Dataset entries
--
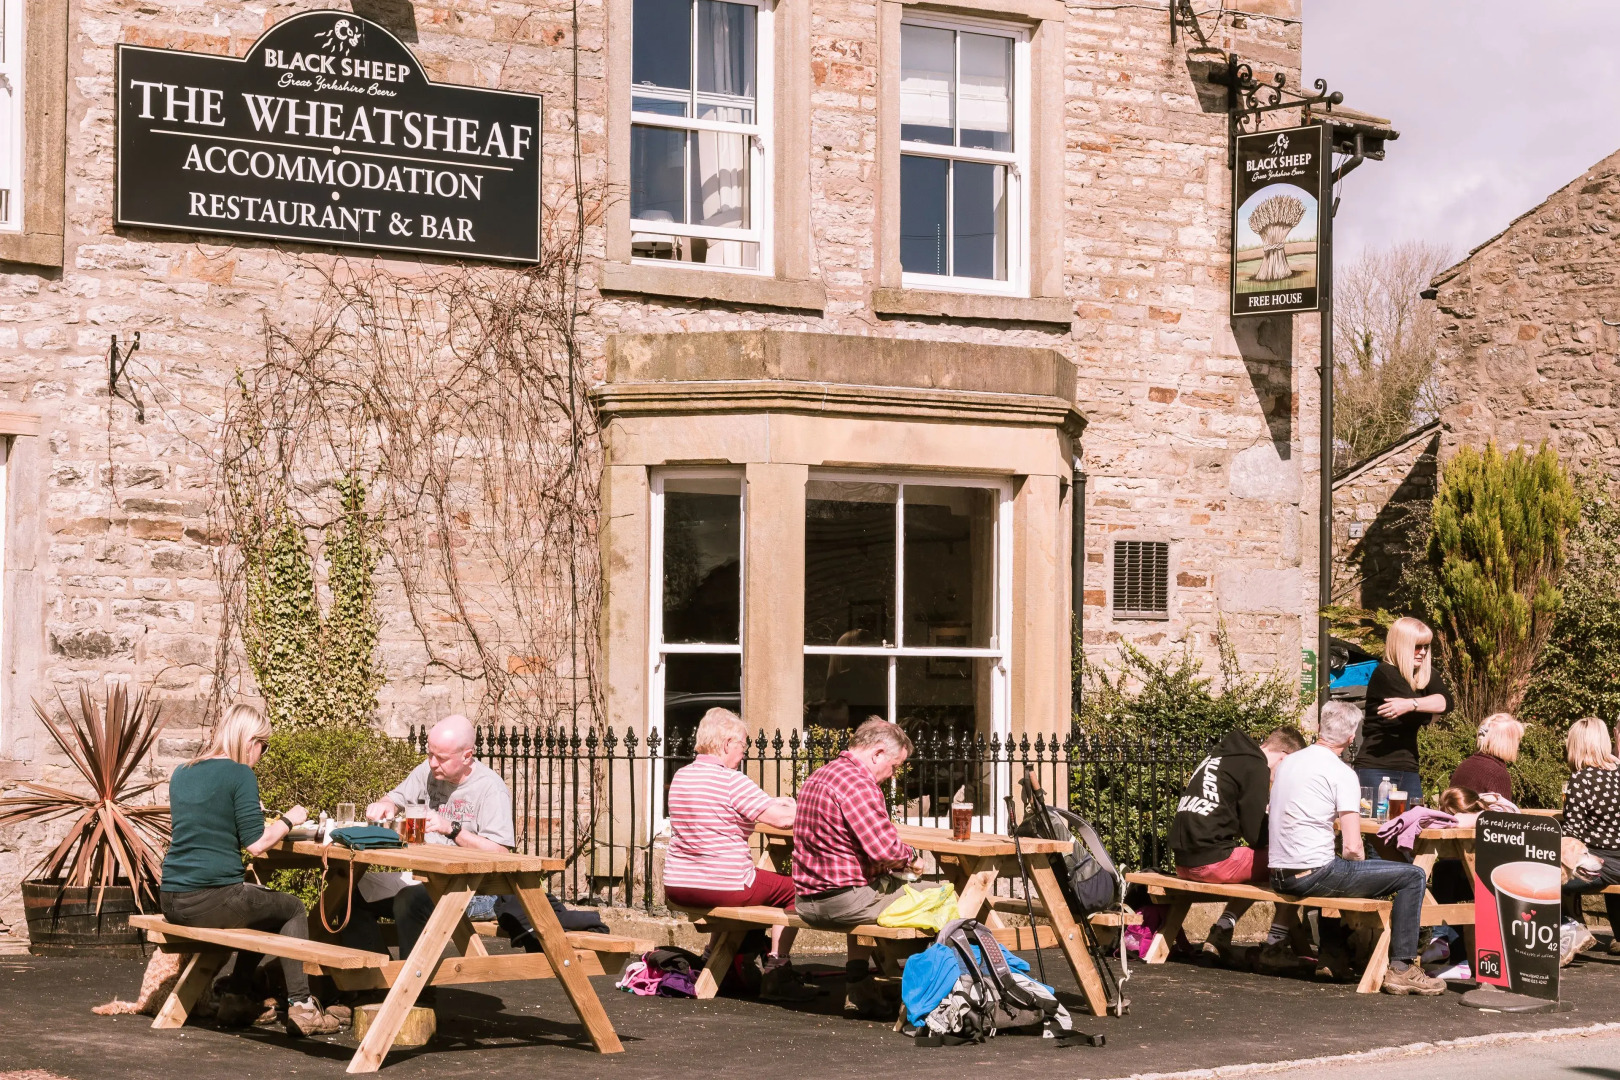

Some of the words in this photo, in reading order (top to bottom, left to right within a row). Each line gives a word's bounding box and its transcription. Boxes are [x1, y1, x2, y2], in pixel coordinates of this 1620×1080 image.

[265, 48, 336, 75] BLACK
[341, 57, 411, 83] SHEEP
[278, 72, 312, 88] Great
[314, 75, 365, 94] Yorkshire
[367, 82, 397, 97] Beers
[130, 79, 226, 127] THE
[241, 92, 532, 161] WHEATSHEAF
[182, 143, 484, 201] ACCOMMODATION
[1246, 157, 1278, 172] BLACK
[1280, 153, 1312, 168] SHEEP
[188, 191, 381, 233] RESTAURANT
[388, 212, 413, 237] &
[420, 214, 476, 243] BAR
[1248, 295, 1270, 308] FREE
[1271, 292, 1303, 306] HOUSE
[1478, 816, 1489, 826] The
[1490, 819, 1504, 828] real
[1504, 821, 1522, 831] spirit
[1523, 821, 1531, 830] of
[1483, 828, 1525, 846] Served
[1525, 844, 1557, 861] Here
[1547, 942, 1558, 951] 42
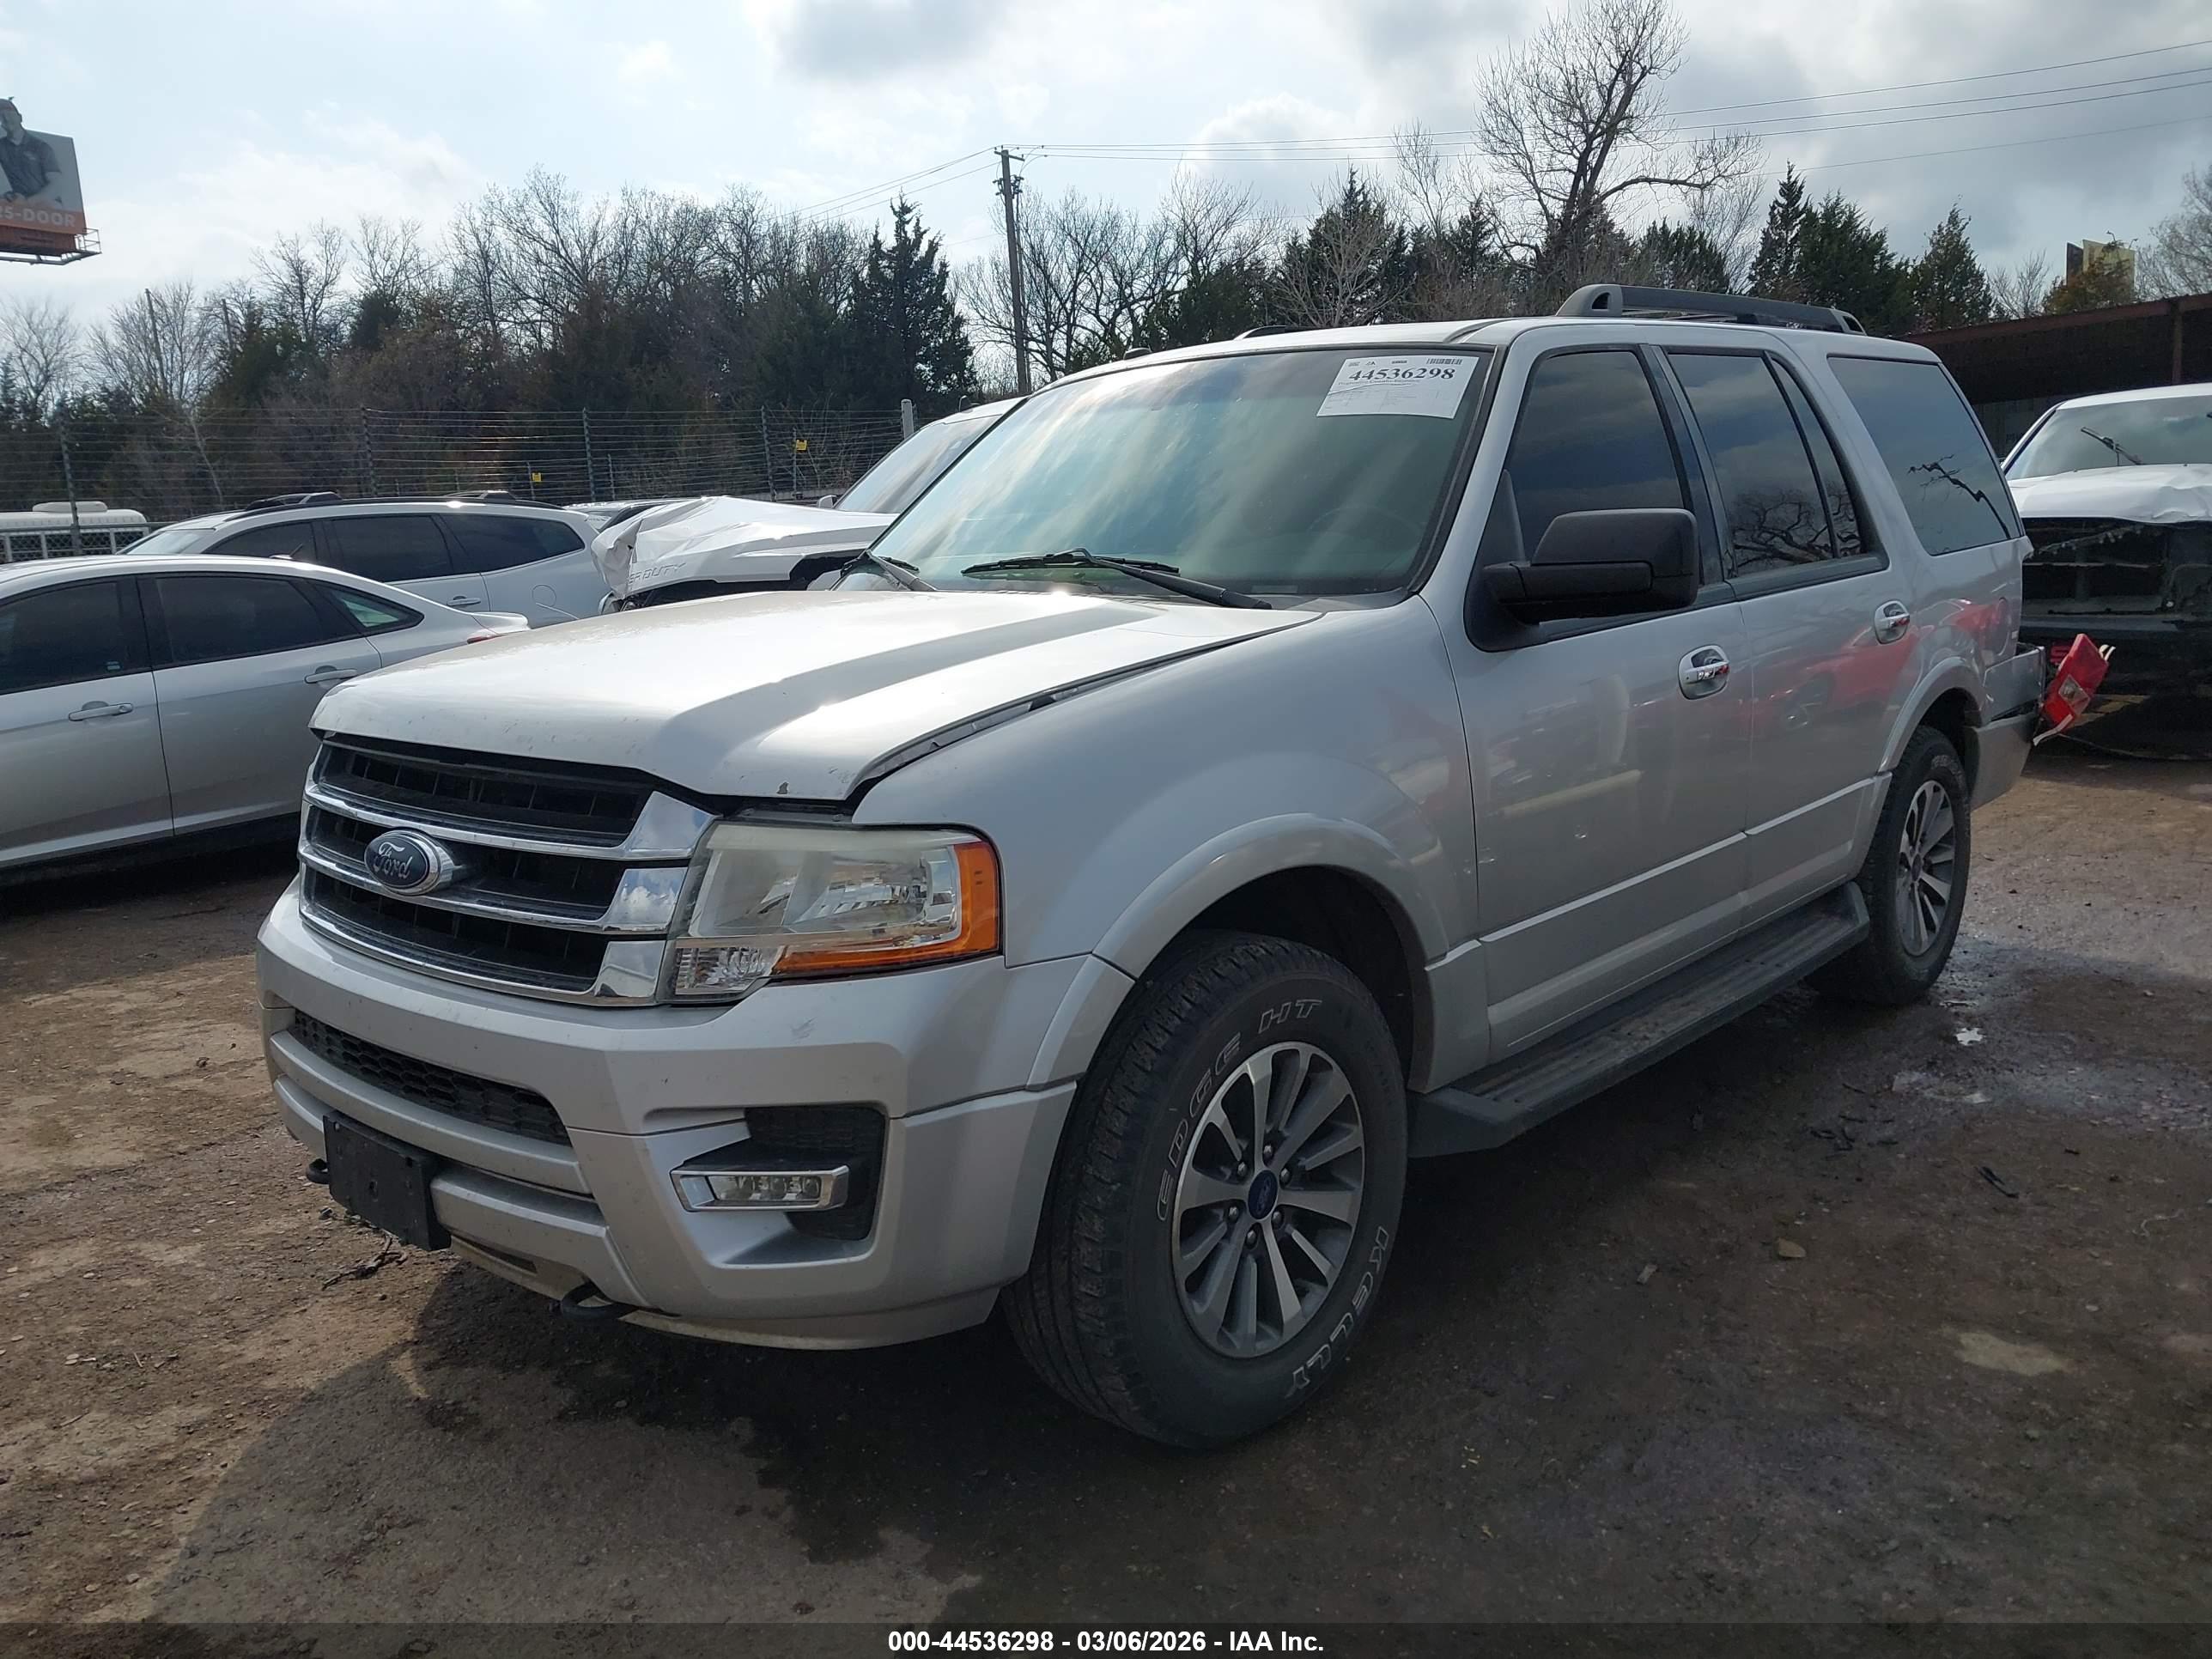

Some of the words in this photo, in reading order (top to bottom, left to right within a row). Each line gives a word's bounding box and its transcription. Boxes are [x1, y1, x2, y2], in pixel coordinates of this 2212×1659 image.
--
* **What needs to be done**
Pictures should be skipped, and the records retyped word for word.

* **The answer**
Some of the words in this photo, in reading order (top to bottom, left to right within a row). Each line gives a word's bounding box and its transcription. Boxes are [x1, y1, x2, y2], in pixel coordinates of this 1620×1080 image.

[265, 48, 336, 75] BLACK
[341, 57, 411, 83] SHEEP
[278, 72, 312, 88] Great
[314, 75, 365, 94] Yorkshire
[367, 82, 397, 97] Beers
[130, 79, 226, 127] THE
[241, 92, 532, 161] WHEATSHEAF
[182, 143, 484, 201] ACCOMMODATION
[1246, 157, 1278, 172] BLACK
[1280, 153, 1312, 168] SHEEP
[188, 191, 381, 233] RESTAURANT
[388, 212, 413, 237] &
[420, 214, 476, 243] BAR
[1248, 295, 1270, 308] FREE
[1271, 292, 1303, 306] HOUSE
[1478, 816, 1489, 826] The
[1490, 819, 1504, 828] real
[1504, 821, 1522, 831] spirit
[1523, 821, 1531, 830] of
[1483, 828, 1525, 846] Served
[1525, 844, 1557, 861] Here
[1547, 942, 1558, 951] 42

Some of the words in this photo, in reading order (top to bottom, left to right within a row). Each line gives a word's bounding box and its transcription. Boxes are [x1, y1, x2, y2], in pixel coordinates of this 2212×1659 image.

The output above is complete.